Personal injury cases almost always involve medical testimony from health care professionals who have performed an independent examination of the injured plaintiff. Sometimes known as “doctors-for-hire,” the reputation of these professionals can depend on how often they testify in cases. In Orthopedic Care Center v. Parks, the issue of expert witnesses’ financial and trial information was examined on appeal by the Third District.

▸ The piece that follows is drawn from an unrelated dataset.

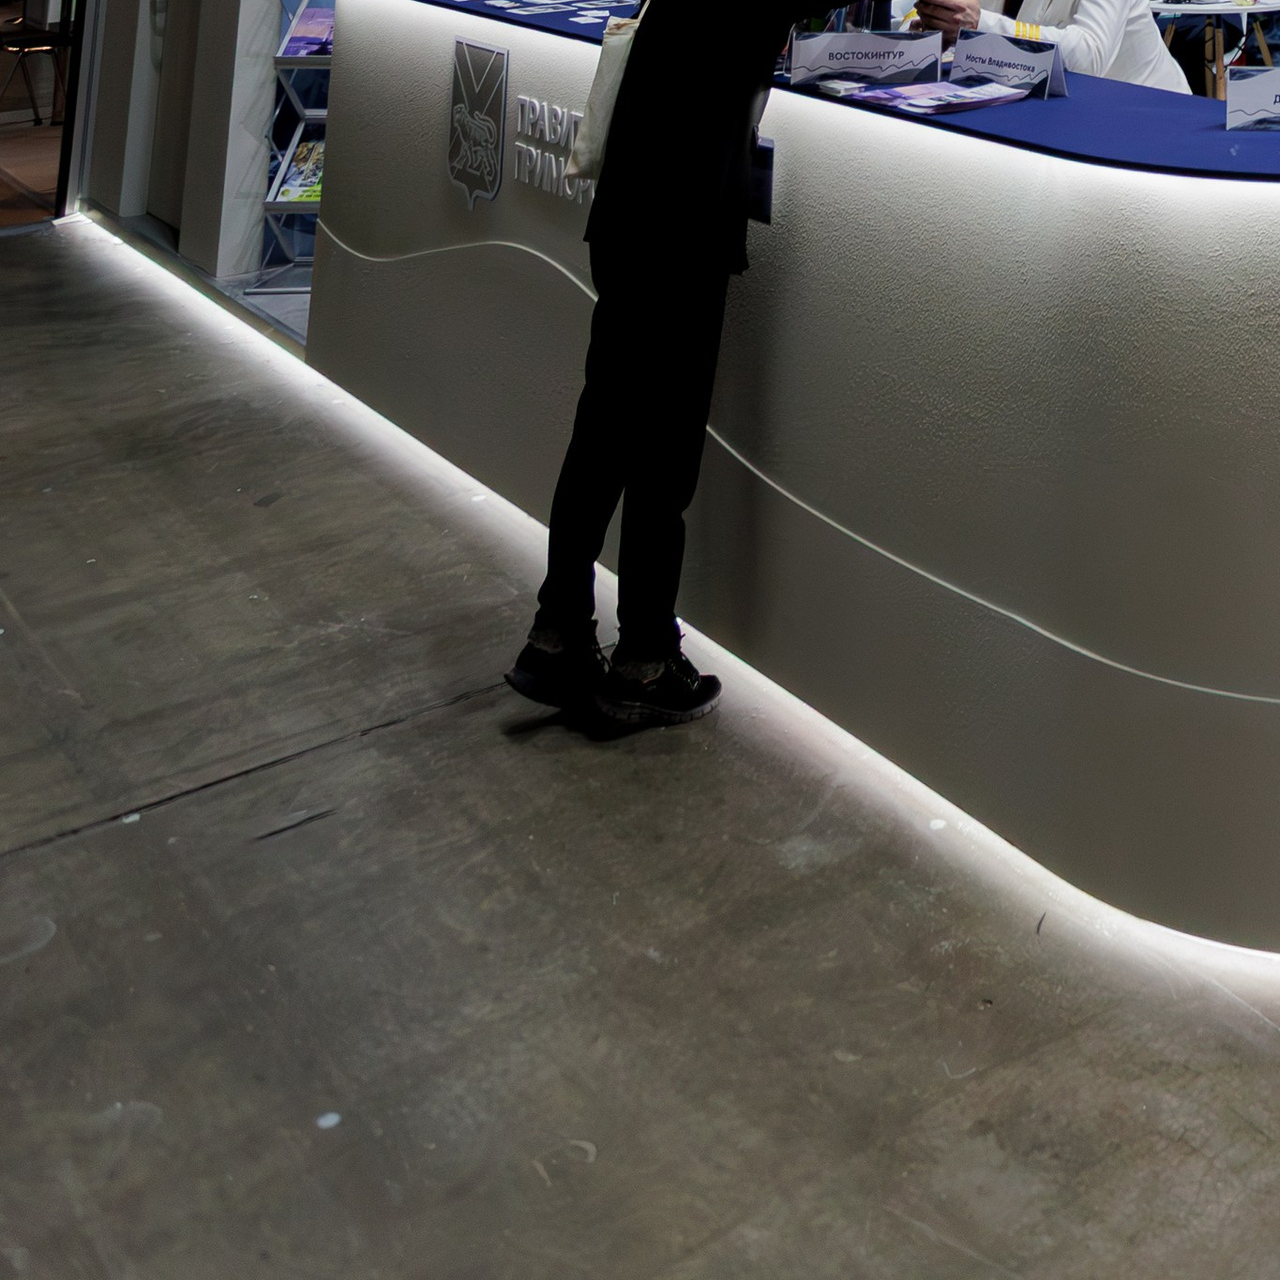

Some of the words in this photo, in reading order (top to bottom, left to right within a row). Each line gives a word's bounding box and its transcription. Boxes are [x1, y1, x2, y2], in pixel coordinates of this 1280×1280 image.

[828, 51, 905, 61] ВОСТОКИНТУР
[965, 53, 987, 65] Мосты
[988, 56, 1036, 73] Владивостока

In the underlying case, the plaintiff filed a claim against another driver for injuries allegedly sustained as the result of an automobile accident between the two parties. During the course of litigation, the defendant obtained a physician to conduct a medical examination of the plaintiff. In preparation for a deposition following that examination, the plaintiff requested that the physician provide all records of the doctor’s testimony in personal injury cases in the preceding five years. While the physician provided an extensive list of patient names, he could not differentiate between individuals whom he had treated as a patient and those whom he had examined as part of litigation.
When legal counsel for the plaintiff further demanded a clarification between the two classes of individuals on the list, the physician requested that the trial court disallow the inquiry. The court declined, citing to Florida discovery rules that permit discovery into an expert’s previous trial testimony. The list of co-mingled individuals, according to the court, did not comply with the applicable discovery rules. As such, the trial court permitted the plaintiff to request information as to which individuals were involved in personal injury cases. The issue was then appealed to the Third District.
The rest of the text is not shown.